This reddit thread about someone stuck in a non-supported aronfiguration that is having issues made me think its time to explain what supported and partner supported and not supported situations you should be aware of. This is not intended to be some giant pile of FUD that says “Do what John says or beware your doom!”. I wanted to highlight partners who are doing a great job of working within the ecosystem as well as point out some potential gaps that I see customers not always aware of.

I get a lot of questions about storage, and what is supported. At VMware we have quite a few TAP parters and thousands of products that we happily jointly support. These partners are in our TAP program and have submitted their solutions for certification with tested results that show they can perform, and we have agreements to work together to a common outcome (Your performance, and your availability).

There are some companies who do not certify their solutions but have “partner verified” solutions. These solutions may have been verified by the partner, but generally involve the statement of “please call your partner for support”. While VMware will support other aspects in the environment (we will accept a ticket to discuss a problem with NTP that is unrelated to the storage system), you are at best looking for best effort support on these solutions.  Other partners may have signed up for TAP, but do not actually have any solution statement with us. To be clear, being in TAP alone does not mean a solution is jointly supported or verified.


VVOls is an EXCELLENT product that allows storage based policy management to be extended to allow seamless management. Quite a few platforms support this today. If your on a storage refresh, you should STRONGLY consider checking that your partner supports VVOL, and you can check by checking this link.

Any storage company who’s looking at supporting VMware deployments at scale is looking at VVOLs. management of LUNs and arrays as you grow becomes cumbersome and introduces opportunity for error. You should ask your VMware storage provider of where they are on support VVOLs, and what their roadmap is. You can also check the HCL to see if your storage vendor is supporting VVOLs by checking here.


VAAI is a great technology that allows LUN and NFS based systems to mitigate some of the performance and capability challenges.  VCAI is a smaller subset that allows NFS based systems to accelerate linked clone offload. Within NFS a smaller subset have been certified for large scale (2000 clones or more) operations.  These are great solutions. I bring this up because it has come to my attention that some partners advertise support of these features but have not completed testing.  This generally boils down to 1 of 3 situations.

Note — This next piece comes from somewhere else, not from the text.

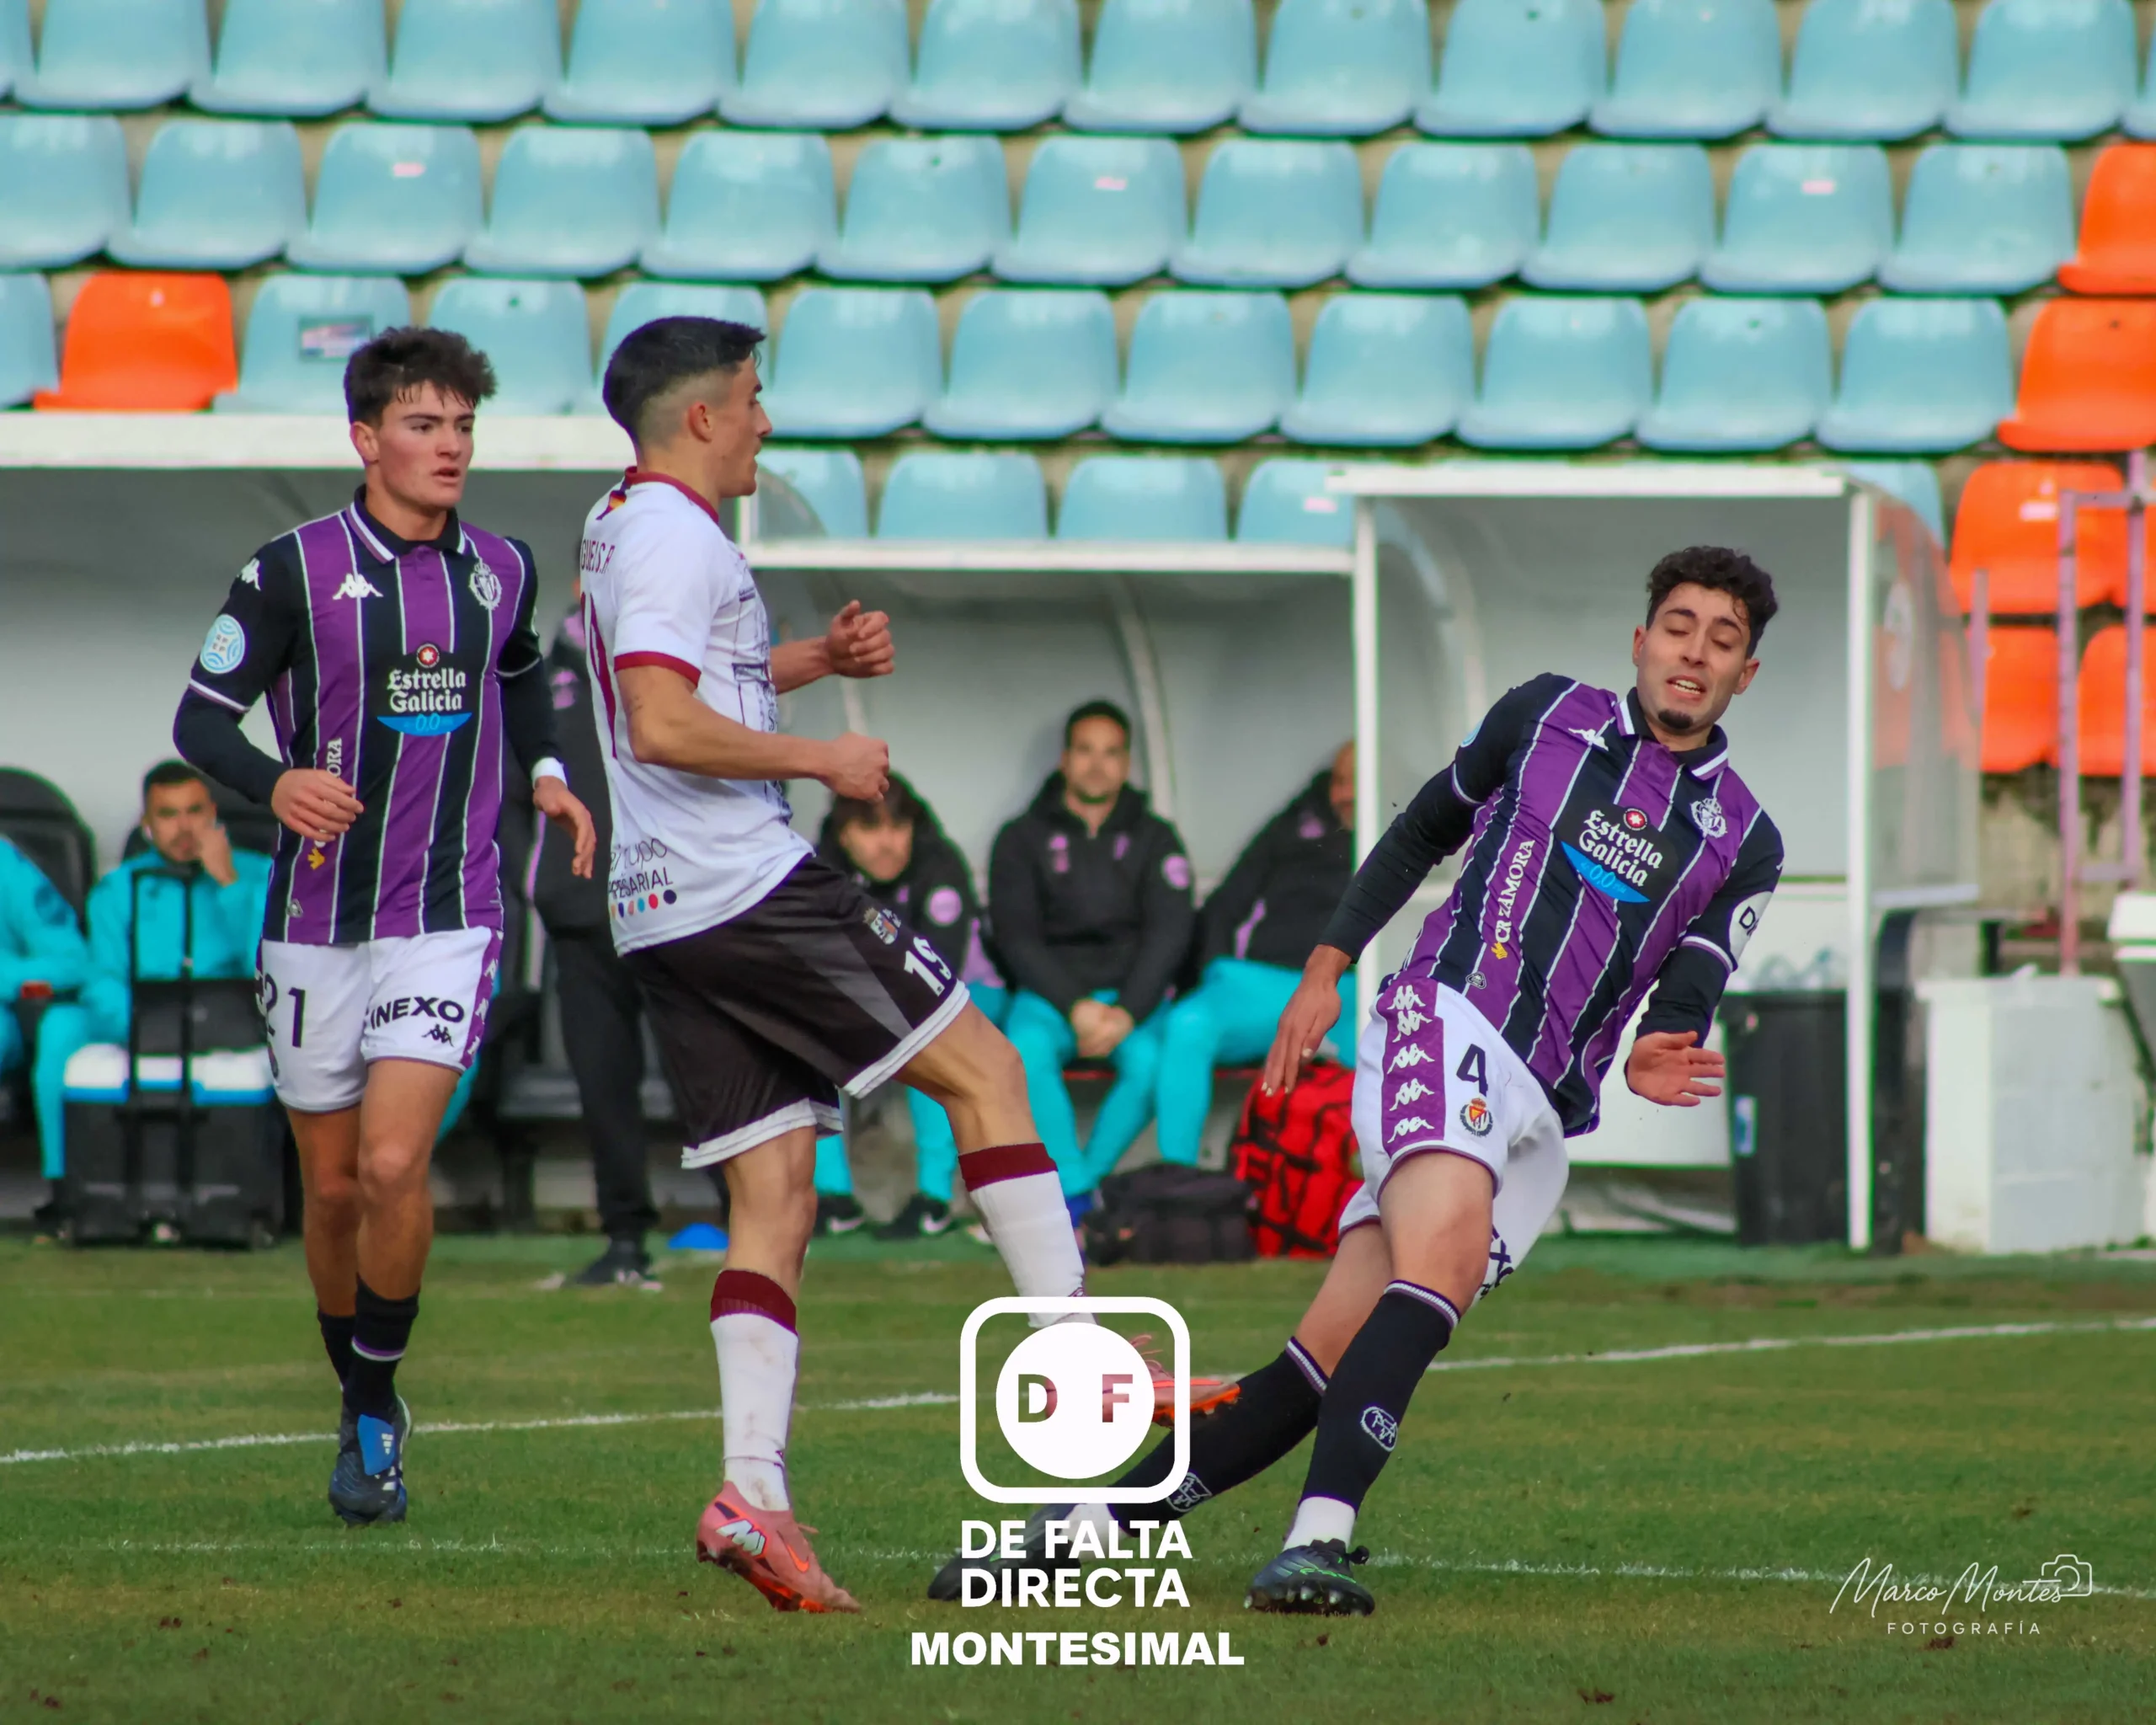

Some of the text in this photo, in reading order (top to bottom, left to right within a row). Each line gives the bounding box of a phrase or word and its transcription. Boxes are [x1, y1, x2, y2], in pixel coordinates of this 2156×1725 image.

  1. They have their submission pending and will have this fixed within weeks.
  2. Their solution fails to pass our requirements of performance or availability during testing.
  3. They are a very small startup and are taking the risk of not spending the time and money to complete the testing.
  4. They are not focused on the VMware market and are more concerned with other platforms.

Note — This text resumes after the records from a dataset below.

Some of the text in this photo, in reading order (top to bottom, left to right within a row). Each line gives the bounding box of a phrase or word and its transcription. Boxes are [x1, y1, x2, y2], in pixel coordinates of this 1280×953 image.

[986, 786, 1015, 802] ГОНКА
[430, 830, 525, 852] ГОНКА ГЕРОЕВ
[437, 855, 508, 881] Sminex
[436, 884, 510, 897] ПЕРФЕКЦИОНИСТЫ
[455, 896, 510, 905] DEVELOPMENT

Please check with your storage provider and make sure that their CURRENT version is certified if you are going to enable and use VAAI. You do not want to be surprised by a corruption, or performance issue and discover from a support call that you are in a non-supported configuration.  In some cases some partners have not certified newer platforms so be aware of this as you upgrade your storage. Also there are quite a lot of variations of VAAI (Some may support ATS but not UNMAP) so look at the devil in the details before you adopt a platform with VAAI.

Replication and Caching

Replication is a feature that many customers want to use (either for use with SRM, or as part of their own DR orchestration).  We have a LOT of partners, and we have our own option and two major API’s for supporting this today.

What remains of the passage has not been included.